Denzinger's son also notes that his father pays 30 percent in taxes.
"He's made a new life for himself over there," Denzinger adds. "But he's angry. He claims he was drafted into the army and did as he was told. You do as you are told or they line you up against a wall and shoot you. You don't have any choice."
95-year-old Martin Hartmann, a former SS guard who served in the Sachsenhausen death camp in Germany, is also believed to be receiving Social Security payments. His former neighbor, Nathan Gasch, who himself was a Sachsenhausen survivor, told AP before he died last year that he was unnerved to have found a picture of Hartmann donning his Nazi uniform hanging on the wall of his house in Arizona. Wasyl Lytwyn, 93, is said to be living in Ukraine after agreeing to leave the U.S. in exchange for Social Security in 1995. Lytwyn was part of the Nazi unit that killed up to 13,000 Jews in the Warsaw Ghetto. The last of the four known beneficiaries is Peter Mueller, 90, who was an SS guard in the Natzweiler concentration camp in France before moving to Illinois and leaving for Worms, Germany, where he is said to live in a nursing home.

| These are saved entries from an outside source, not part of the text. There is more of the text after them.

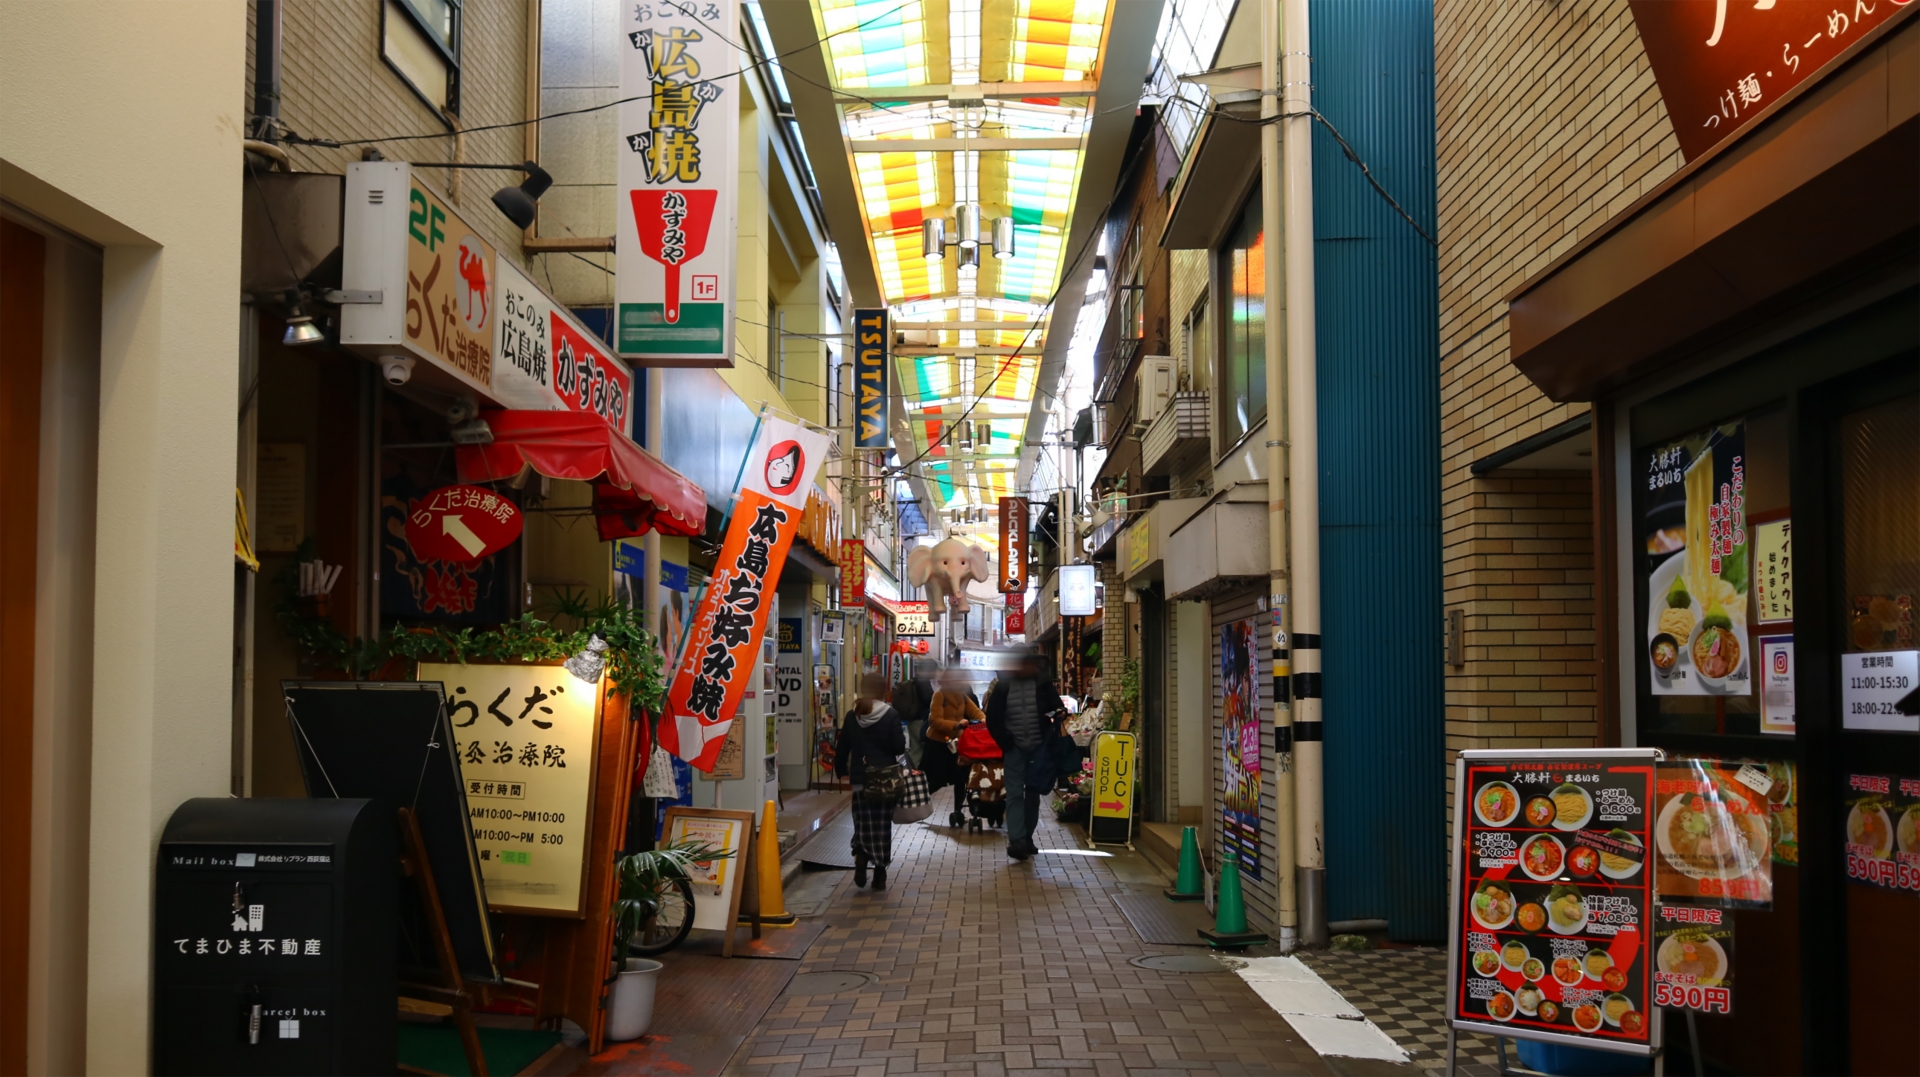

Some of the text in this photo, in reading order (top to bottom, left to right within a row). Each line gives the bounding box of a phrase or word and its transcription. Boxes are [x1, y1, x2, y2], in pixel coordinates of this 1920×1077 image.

[647, 26, 703, 185] 広島焼
[408, 187, 446, 253] 2F
[661, 191, 687, 264] かずみや
[697, 281, 714, 296] 1F
[505, 288, 546, 340] おこのみ
[455, 331, 491, 388] 治療院
[500, 318, 547, 387] 広島焼
[557, 334, 623, 432] かずみや
[860, 315, 882, 442] TSUTAYA
[1648, 445, 1682, 474] 大勝軒
[1648, 467, 1682, 490] まるいち
[411, 487, 515, 527] らくだ治療院
[1720, 483, 1733, 556] 自家製麺
[1731, 455, 1745, 546] こだわりの
[1007, 499, 1020, 580] AUCKLAND
[1708, 504, 1721, 576] 極み太麺
[852, 542, 863, 586] カラオケ
[1768, 551, 1779, 613] 始めました
[1780, 523, 1791, 617] テイクアウト
[685, 501, 788, 723] 広島お好み焼
[892, 654, 901, 686] 恵方
[1861, 656, 1894, 669] 営業時間
[1850, 675, 1909, 690] 11:00-15:30
[448, 685, 566, 730] らくだ
[470, 782, 521, 797] 受付時間
[1100, 756, 1109, 795] SHOP
[1511, 772, 1600, 784] 大勝軒 まるいち
[1850, 774, 1890, 794] 平日限定
[541, 833, 564, 845] 5:00
[173, 856, 234, 866] Mail box
[1847, 854, 1897, 888] 590円
[1698, 877, 1760, 900] 850円
[1661, 907, 1723, 925] 平日限定
[173, 938, 322, 956] てまひま不動産
[1655, 971, 1697, 985] まぜそば
[303, 1008, 327, 1017] box
[1655, 984, 1730, 1013] 590円

In 1999, Congress attempted to pass new legislation that would have prohibited Nazi war criminals from receiving benefits. This was after the State Department drafted a memo detailing how the OSI worked to expel Hitler's former men from the country. The memo states that the OSI would "refrain from seeking in any way to limit the subject's receipt of U.S. Social Security benefits," all while delaying action to move criminals to be deported.
Not many countries are willing to accept Nazi war criminals for deportation, so the OSI devised the strategy to encourage criminals to leave voluntarily and reduce the need for a lengthy deportation process that could take up to 10 years. But the State Department still criticizes the OSI up to know about its "cynical public ploy."
"It was not upfront, it was not transparent, it was not a legitimate process," says James Hergen, former legal adviser of the State Department. "This was not the way America should behave. We should not be dumping our refuse, for lack of a better word, on friendly states."
But the OSI thinks the State Department is simply concerned with diplomatic niceties instead of truly wanting to get rid of Hitler's former men.
Rabbi Marvin Hier, who heads the Simon Wiesenthal Center in Los Angeles, says the loophole allowing former Nazi soldiers to receive benefits should be closed, and that Europe has "no will" prosecuting Nazi suspects.
"Someone receiving an American pension could live very well in Europe or wherever they settled," Hier says. "We, in effect, were rewarding them. It didn't make any sense."